Continuing Education of the Bar
- Founded: 1947
- Founder: University of California
- Country of origin: United States
- Headquarters location: Oakland, California
- Publication types: Books
- Nonfiction topics: Law
- Official website: ceb.com

= Continuing Education of the Bar =

University of California program

CEB (Continuing Education of the Bar • California) is a self-supporting program of the University of California. Founded in 1947 to educate veterans returning to the practice of law after service in World War II, CEB offers three, six, and 24-hour continuing legal education (CLE) courses and practice guides.

CEB has received multiple awards from the Association for Continuing Legal Education (ACLEA), including the Award of Professional Excellence for Publications. In 2016, CEB accepted ACLEA’s Best Publication award for the book, “Employee Leave Laws: Compliance and Litigation.” In addition, in 2016, CEB was ranked as the best CLE provider in California by the readers of The Recorder legal newspaper for the sixth year in a row, and in 2013 the third-best legal research vendor.

==Objectives of the program==
As set forth in the Memorandum of Understanding for the Sponsorship of the Continuing Education of the Bar Program by the Regents of the University of California, CEB's objectives are to:

1. Keep members of the legal profession informed of changes and developments in the law through instruction, publications and other services;
2. Provide continuing legal education to members of the legal profession in significant areas of legal practice;
3. Promote greater efficiency in the practice of law by providing instruction, publications, and other services for law office management;
4. Present courses and publish materials concerned with the ethical and professional responsibilities of the members of the legal profession;
5. Provide such other services supportive of the purposes set forth above.

==Governing committee==
Oversight of CEB is provided by the CEB Governing Committee. The Committee consists of nine voting members: four members appointed by the State Bar of California and five members appointed by the University of California. The University appoints the chair, and the State Bar's Board of Governors appoints the vice chair. The vice chair must be a lawyer in active practice in California. The other members the State Bar appoints include the Executive Director of the State Bar, or the Executive Director's designee who must be a lawyer, and two members who are actively practicing law in California, at least one of whom represents the interests of the sections of the State Bar. The Committee reviews and approves CEB's annual publishing and educational program, strategic objectives, annual budget, and recommendations from the Director on the overall operation of CEB.

==CLE courses==
CEB's CLE courses are typically presented by practicing attorneys and judges with expertise in the course's subject matter. All CEB courses are also available through CEB's "On Demand" service. In June 2012, CEB began offering podcasts on recent developments, beginning with two podcasts on the decision in Brinker Restaurant Corp. v Superior Court (Hohnbaum) (2012) 53 C4th 1004.

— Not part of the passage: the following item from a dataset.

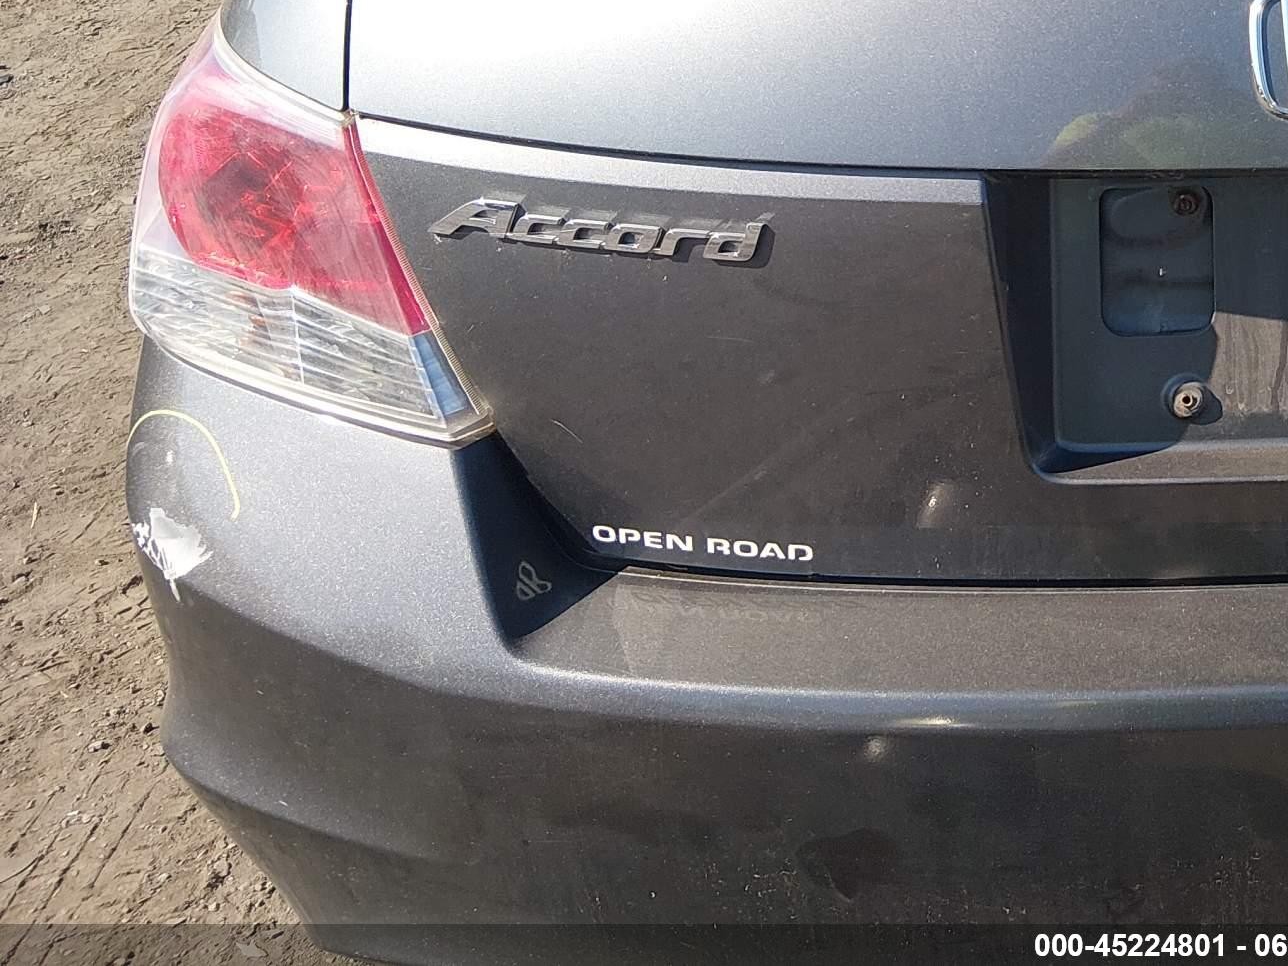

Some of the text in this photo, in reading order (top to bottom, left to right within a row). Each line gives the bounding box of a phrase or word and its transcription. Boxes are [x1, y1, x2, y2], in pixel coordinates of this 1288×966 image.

[427, 197, 771, 264] Accord
[591, 524, 814, 561] OPEN ROAD

CLE courses cover substantive practice areas including business law, criminal law, employment law, estate planning, real property law, family law, and litigation. CEB also offers law practice management programs, including "Making Sure You Get Paid: Accounts Receivable Management" which is available online to members of the Bar free of charge. CEB also tackles subjects required by the California State Bar's minimum Continuing Legal Education Program, including legal ethics, elimination of bias, and substance abuse.

Each year CEB and the University of California, Los Angeles School of Law present a 12-hour Estate Planning Institute in Los Angeles. The program focuses on advanced estate planning and estate tax issues. Each January, CEB presents a two-day fair in several locations across California that focuses on recent developments in the areas of estate planning, real property, business law, civil litigation and torts, and ethics.

In 2013, CEB created the Estate Planning Intensive Course (EPIC) and in 2015 CEB created the Family Law Intensive Course (FLIC). Both courses prepare attorneys for the Certified Specialist exams in their respective fields. The courses are online over 12 weeks from July to Oct every odd year before the late October exam is administered.

==Publications==

- More than 120 regularly updated practice guides. CEB also publishes books on law practice management topics.
- Action Guides: short, softbound books that describe step-by-step how to handle a specific task for a client. Action Guides are updated every two years.
- Four periodicals: California Business Law Practitioner, California Business Law Reporter, Estate Planning and California Probate Reporter, and Real Property Law Reporter.

==Blog and social media==
CEB offers free content to practicing attorneys and members of the public on its blog, law alerts, and discussion forums.